File: cvsclient.info,  Node: Response intro,  Next: Response pathnames,  Prev: Requests,  Up: Protocol

5.9 Introduction to Responses
=============================

After a command which expects a response, the server sends however many
of the following responses are appropriate.  The server should not send
data at other times (the current implementation may violate this
principle in a few minor places, where the server is printing an error
message and exiting--this should be investigated further).

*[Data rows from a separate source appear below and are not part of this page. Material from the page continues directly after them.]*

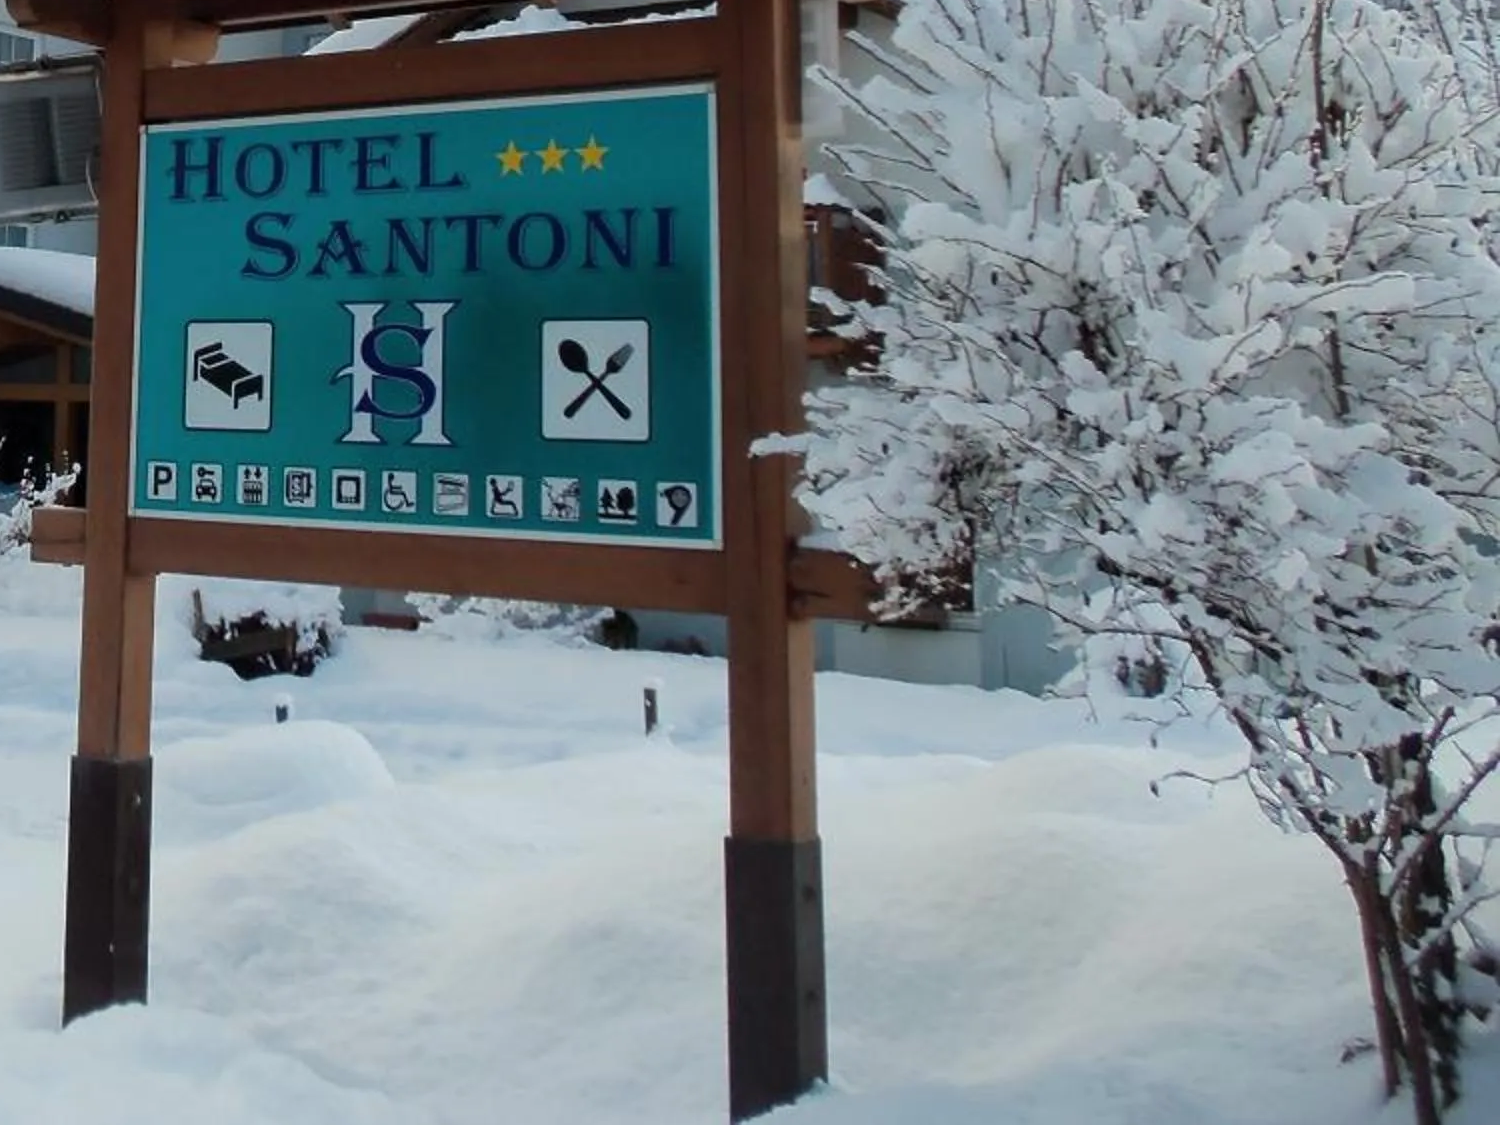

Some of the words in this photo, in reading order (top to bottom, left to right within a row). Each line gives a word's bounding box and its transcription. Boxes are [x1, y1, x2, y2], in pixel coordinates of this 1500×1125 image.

[169, 131, 470, 202] HOTEL
[241, 206, 678, 280] SANTONI
[153, 465, 173, 496] P
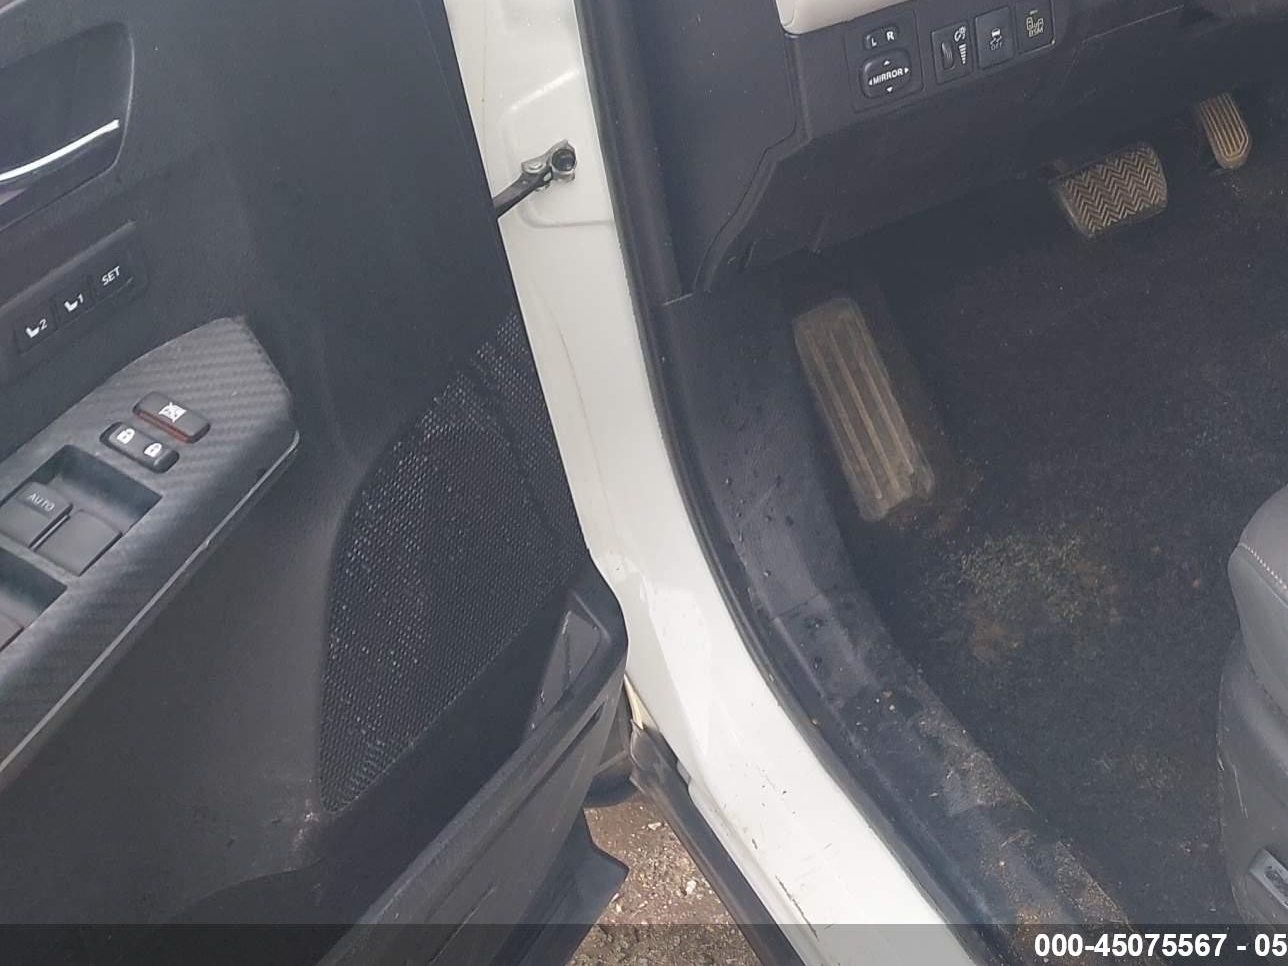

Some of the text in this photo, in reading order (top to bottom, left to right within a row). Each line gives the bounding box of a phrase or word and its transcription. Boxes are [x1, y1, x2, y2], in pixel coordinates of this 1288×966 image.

[871, 31, 895, 47] L R
[873, 68, 904, 85] MIRROR
[101, 265, 121, 286] SET
[39, 318, 48, 331] 2

   Any set of responses always ends with `error' or `ok'.  This
indicates that the response is over.

   The responses `Checked-in', `New-entry', `Updated', `Created',
`Update-existing', `Merged', and `Patched' are referred to as "file
updating" responses, because they change the status of a file in the
working directory in some way.  The responses `Mode', `Mod-time', and
`Checksum' are referred to as "file update modifying" responses because
they modify the next file updating response.  In no case shall a file
update modifying response apply to a file updating response other than
the next one.  Nor can the same file update modifying response occur
twice for a given file updating response (if servers diagnose this
problem, it may aid in detecting the case where clients send an update
modifying response without following it by a file updating response).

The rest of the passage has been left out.